What is needed:
Your output must reproduce all the records below precisely and contain no pictures.

(Items listed in a dataset)

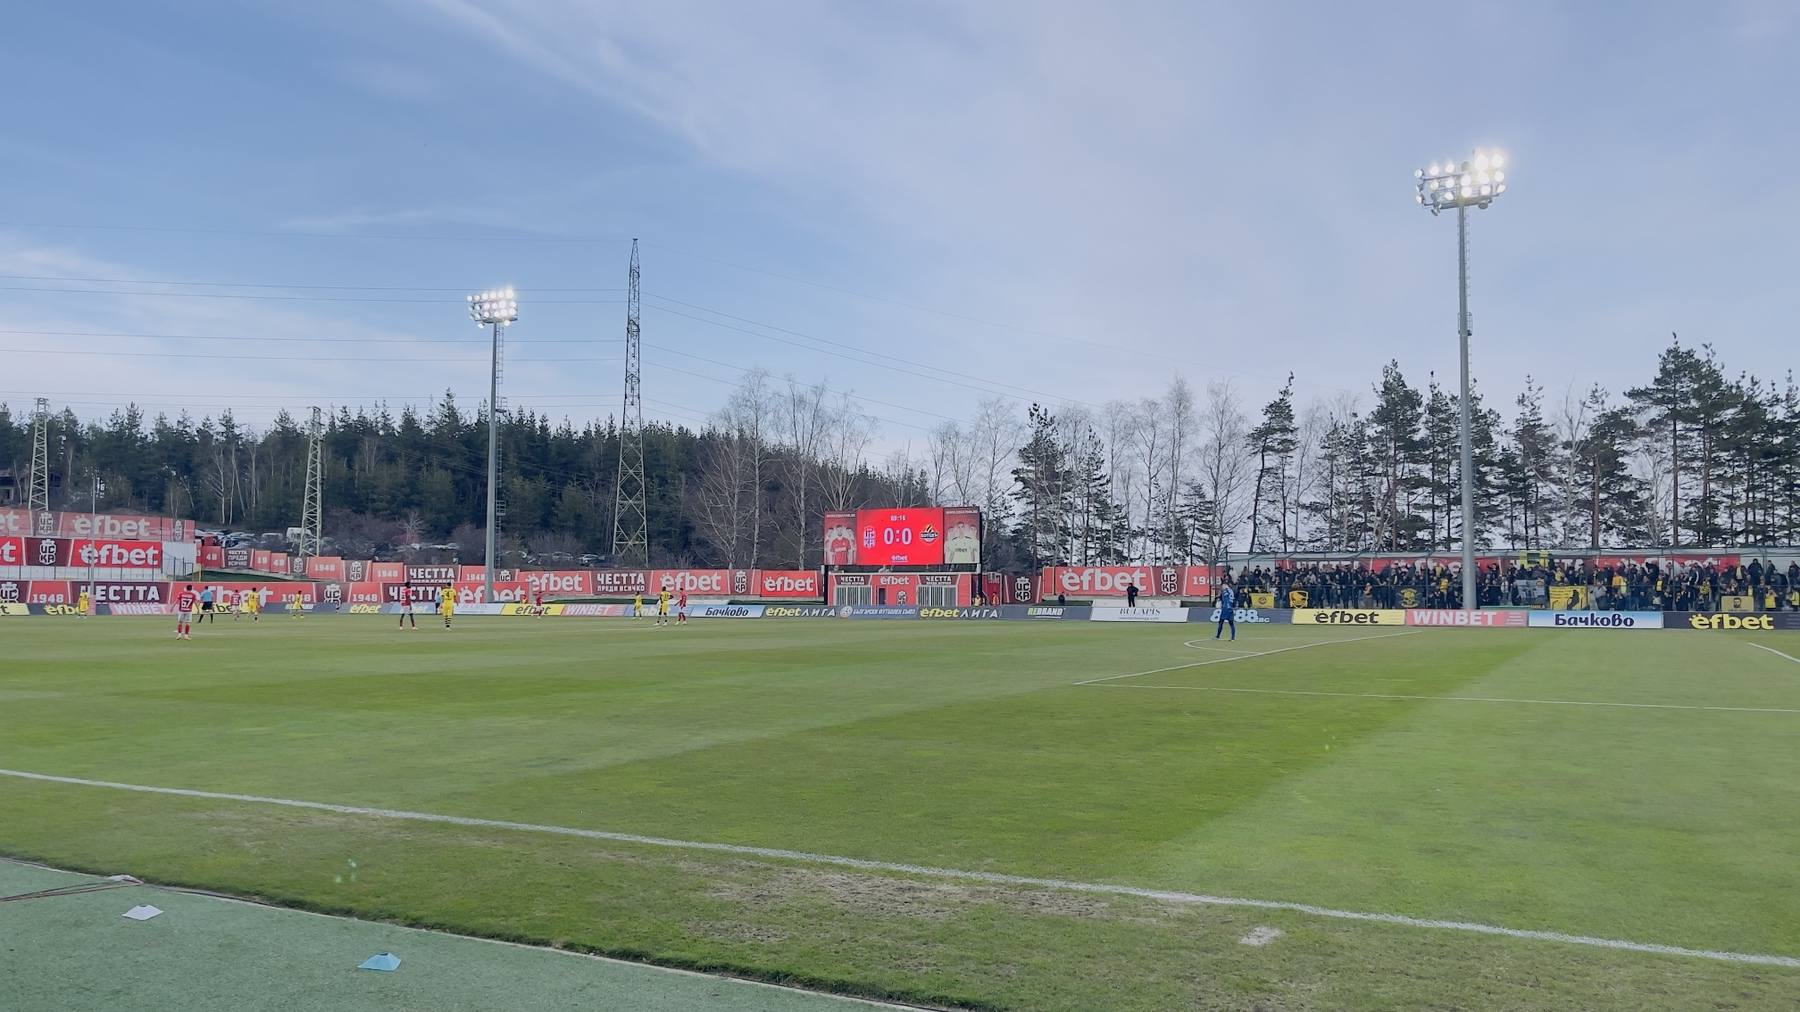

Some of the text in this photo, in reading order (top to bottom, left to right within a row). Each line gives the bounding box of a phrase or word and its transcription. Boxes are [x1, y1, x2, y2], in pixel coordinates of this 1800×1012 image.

[74, 514, 150, 536] efbet
[884, 527, 912, 544] 0:0
[81, 544, 159, 565] efbet
[409, 568, 455, 579] ЧЕСТТА
[597, 573, 645, 585] ЧЕСТТА
[528, 571, 582, 592] efbet
[660, 571, 721, 592] efbet
[764, 577, 814, 592] efbet
[880, 576, 909, 585] efbet
[1061, 569, 1147, 592] efbet
[32, 594, 64, 603] 1948
[181, 599, 192, 608] 67
[281, 594, 312, 602] 198
[352, 594, 378, 602] 1948
[565, 605, 611, 616] WINBET
[705, 607, 749, 617] Бачково
[766, 608, 836, 617] efbet ЛИГА
[920, 608, 998, 618] efbet ЛИГА
[1315, 611, 1379, 624] efbet
[1413, 611, 1497, 625] WINBET
[1555, 613, 1635, 627] Бачково
[1690, 614, 1774, 630] efbet
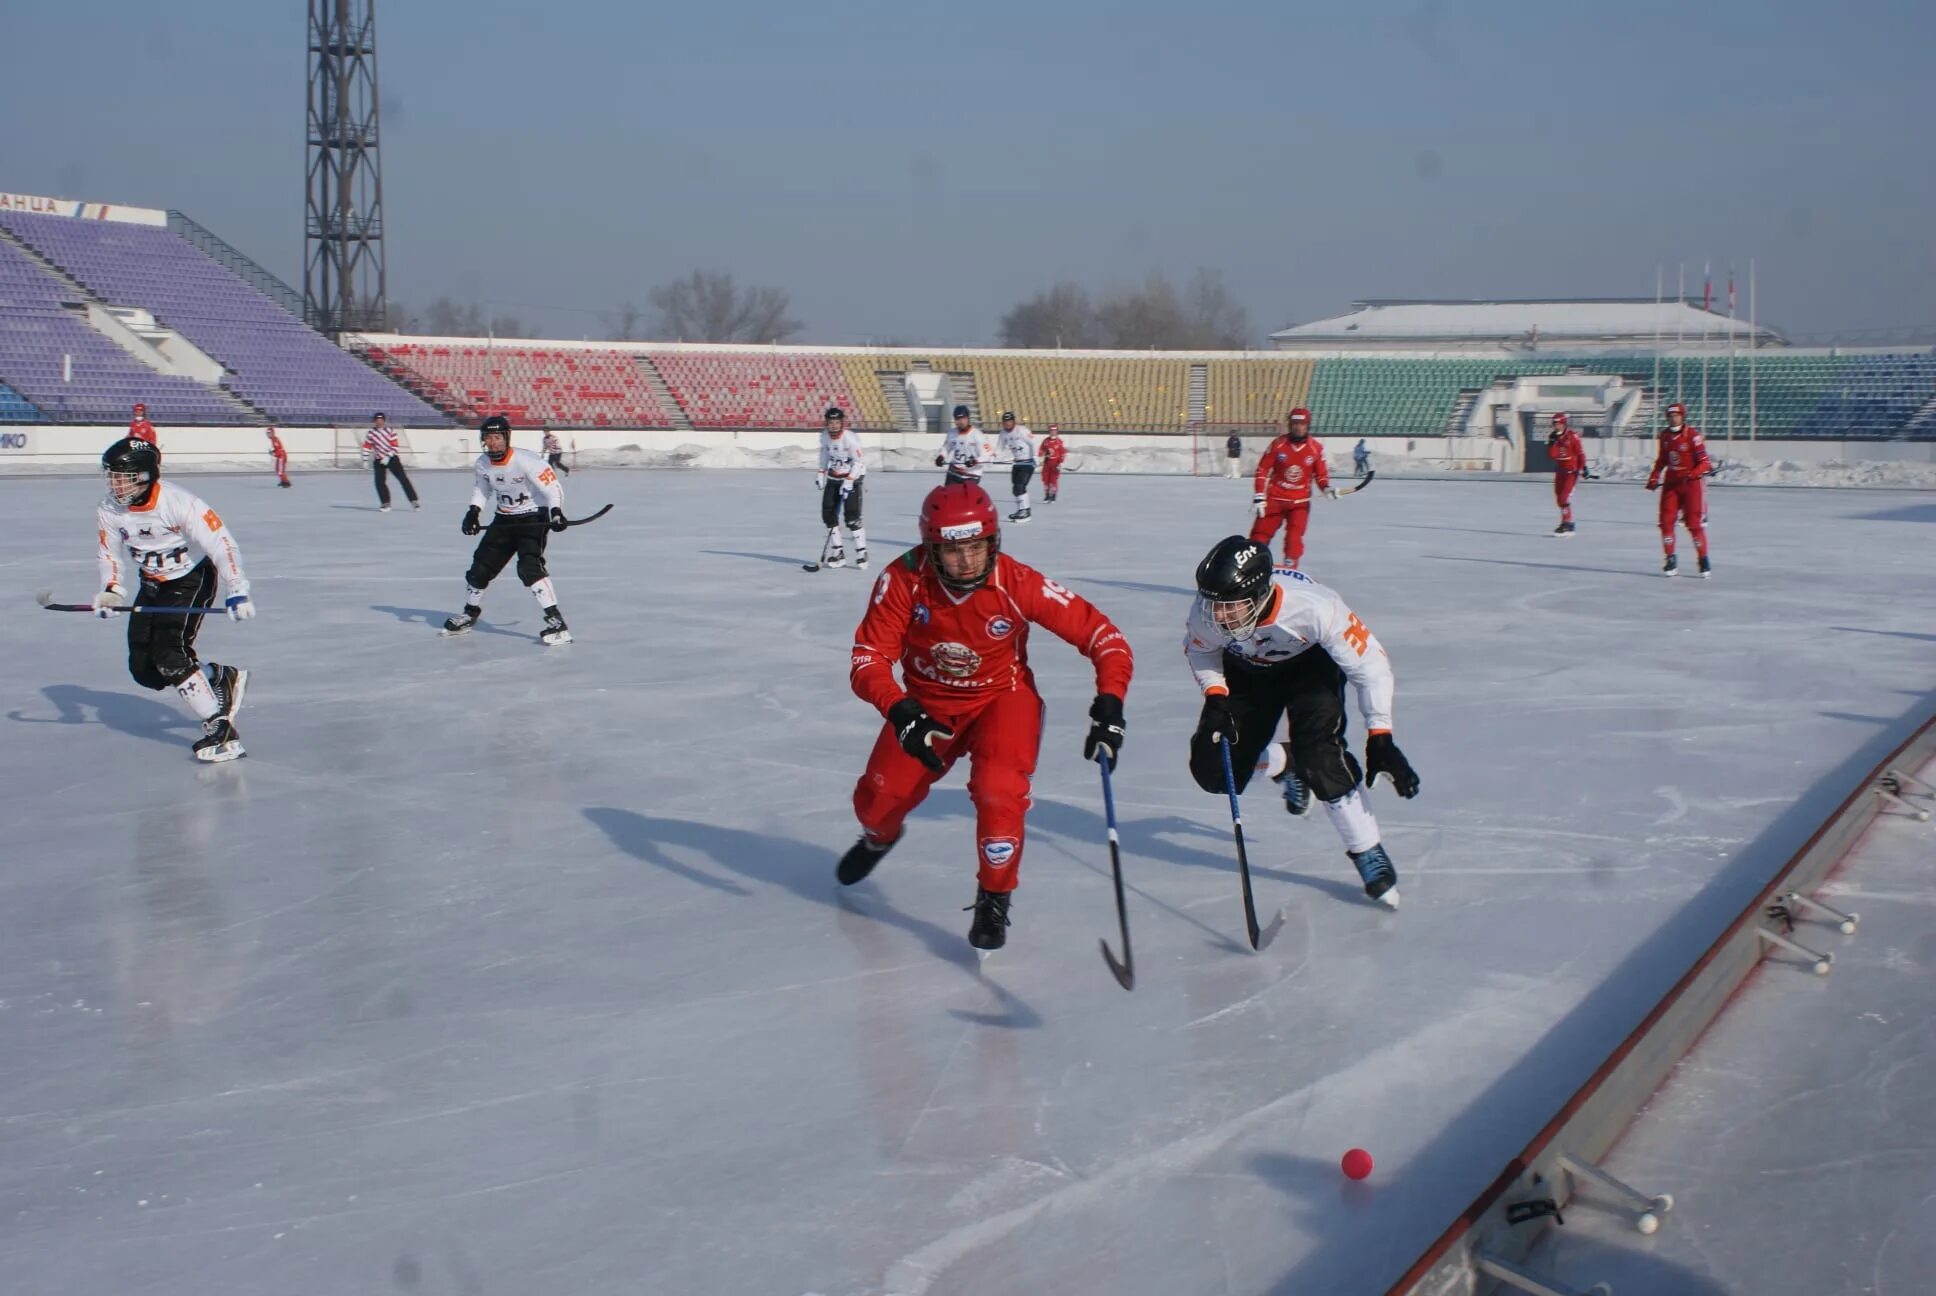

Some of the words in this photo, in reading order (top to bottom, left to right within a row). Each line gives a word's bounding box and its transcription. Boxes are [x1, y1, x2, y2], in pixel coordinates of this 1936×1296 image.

Expected answer:
Some of the text in this photo, in reading order (top to bottom, left to right within a row). Each line gives the bounding box of a phrase or word and its transcription. Boxes are [x1, y1, x2, y2], in pixel coordinates of this 1800×1012 image.

[74, 514, 150, 536] efbet
[884, 527, 912, 544] 0:0
[81, 544, 159, 565] efbet
[409, 568, 455, 579] ЧЕСТТА
[597, 573, 645, 585] ЧЕСТТА
[528, 571, 582, 592] efbet
[660, 571, 721, 592] efbet
[764, 577, 814, 592] efbet
[880, 576, 909, 585] efbet
[1061, 569, 1147, 592] efbet
[32, 594, 64, 603] 1948
[181, 599, 192, 608] 67
[281, 594, 312, 602] 198
[352, 594, 378, 602] 1948
[565, 605, 611, 616] WINBET
[705, 607, 749, 617] Бачково
[766, 608, 836, 617] efbet ЛИГА
[920, 608, 998, 618] efbet ЛИГА
[1315, 611, 1379, 624] efbet
[1413, 611, 1497, 625] WINBET
[1555, 613, 1635, 627] Бачково
[1690, 614, 1774, 630] efbet

Some of the words in this photo, in reading order (top to bottom, left to right within a row). Each line gives a word's bounding box and its transcription. Boxes are [x1, y1, x2, y2], in pixel coordinates of this 1936×1296 image.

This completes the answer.